The scars that write us adopts the keloid scar as its reference and offers a narrative on wounds and scars, and those that bear them. Entering into a dark, quietened space, a visitor first perceives rather than sees the work directly, evoking a sense of anticipation, curiosity, and uncertainty for what lies ahead, obscured. The work unfolds in three types of spatial experiences: near, far and wide. The sense of proximity – or distance – alludes to the complex relationships between the audience, the person who bears the scar and the stories behind each wound. The installation also endeavors to provide a space to consider the unregistered contemplations for those who live with the ordeal of scars – the physical, and otherwise. The scars that write us is dedicated to wounds, scars, markings, traumas of all kinds. It is an installation that speaks of the most personal of experiences that every person holds.

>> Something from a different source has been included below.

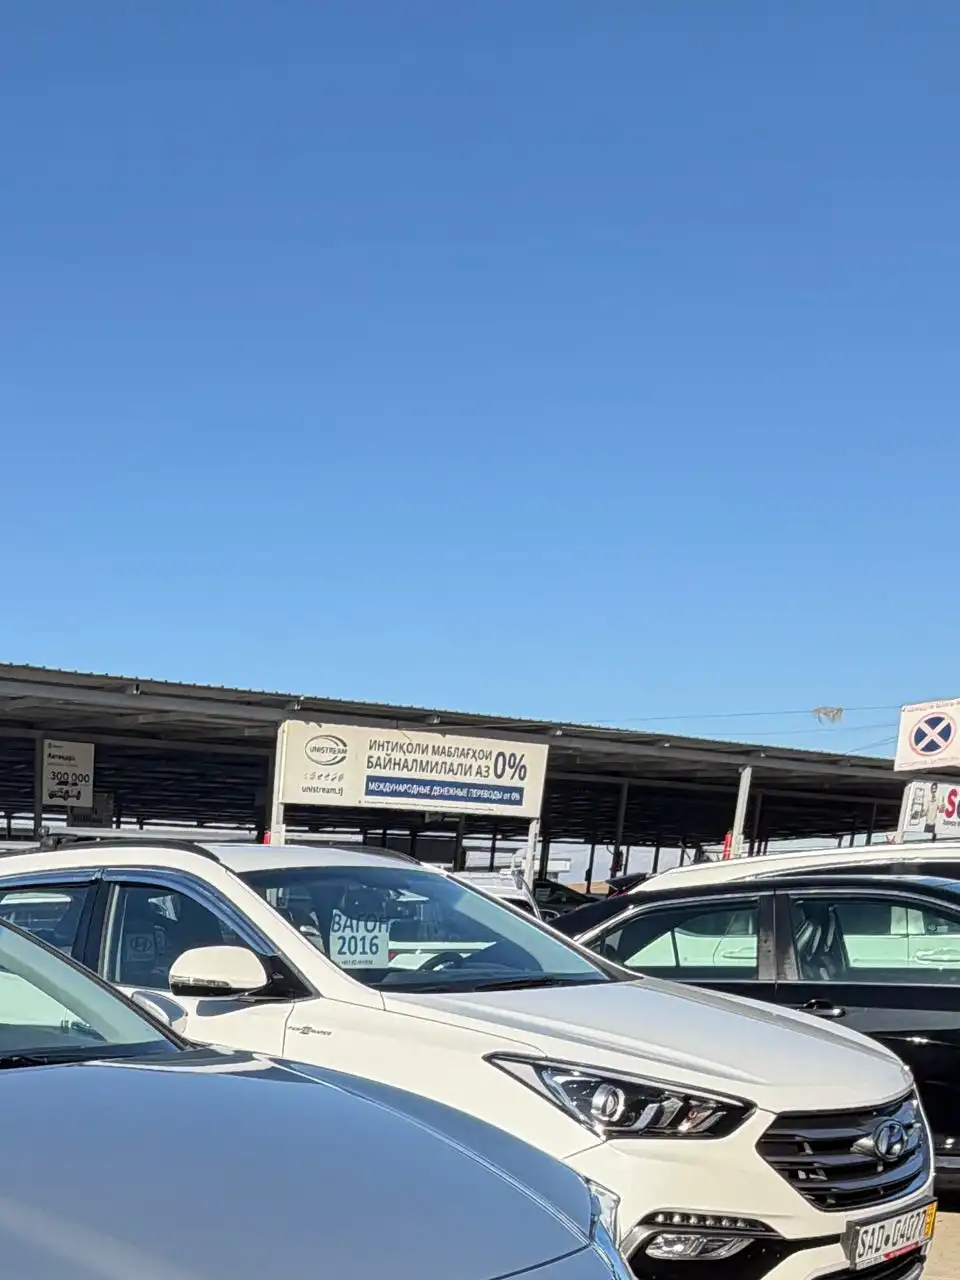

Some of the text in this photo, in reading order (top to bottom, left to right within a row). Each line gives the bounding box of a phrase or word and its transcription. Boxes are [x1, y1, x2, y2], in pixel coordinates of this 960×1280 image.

After a pit stop at Raffles for lunch, I head down to the Red Dot Design Museum only a short walk away from the Fullerton Bay Hotel. The architecture is wonderfully geometric, glass fascades and exposed structural steel elements make up the building sitting a stone throws away from the water front. The Red Dot Design award is one of the most prestigious in the industry, and the most recent designs are curated inside. The current exhibition is named Human Nature and looks at how humans can surpass their natural abilities using innovative designs and techniques. Think robotic arms, drones and high tech watches and bikes! A few pics of my favourites below…
For dinner we headed down to Clarke Quay and a vegan bistro called Omvnom. To have a whole 4 page menu dedicated to vegan burgers was beyond exciting and I am so happy to report the food did not disappoint! Clarke Quay is a bustling hive of shops, bars and restaurants, we had a walk through the main square but decided to go somewhere a little less loud. National Gallery was on my list of places to see so that is where we headed!
Aura was such an extra special place to spend our last evening in Singapore, the views were without a doubt the best we had experienced. The ambiance of the bar is sophisticated while still being relaxed and the service was second to none. The architecture of the National Gallery is the perfect mix of contemporary and classic with some amazing exhibitions. My favourite being Sculptures by Anish Kapoor and the Minimalism exhibition. If you find yourself going to Singapore, this needs to be number one on your list for sure.
Day 6 - Art and Science Museum
Final day in Singapore and I have just enough time to squeeze in the Art and Science Museum. I am so glad I made it here, but really sad I didn’t have the kids with me to experience it. If I don’t manage to bring the kids here while they are still young, I do hope they bring something similar to London!
The thing I loved most about the Singapore skyline is just how creative and unique the buildings are. The architecture of the Art Science Museum is beyond belief. Shaped like a lotus flower, it is iconic without brushing the sky. The exhibition explored how science meets art in the digital age, how it can be used to teach children to enhance their skills in a multi sensory way and it was fantastic!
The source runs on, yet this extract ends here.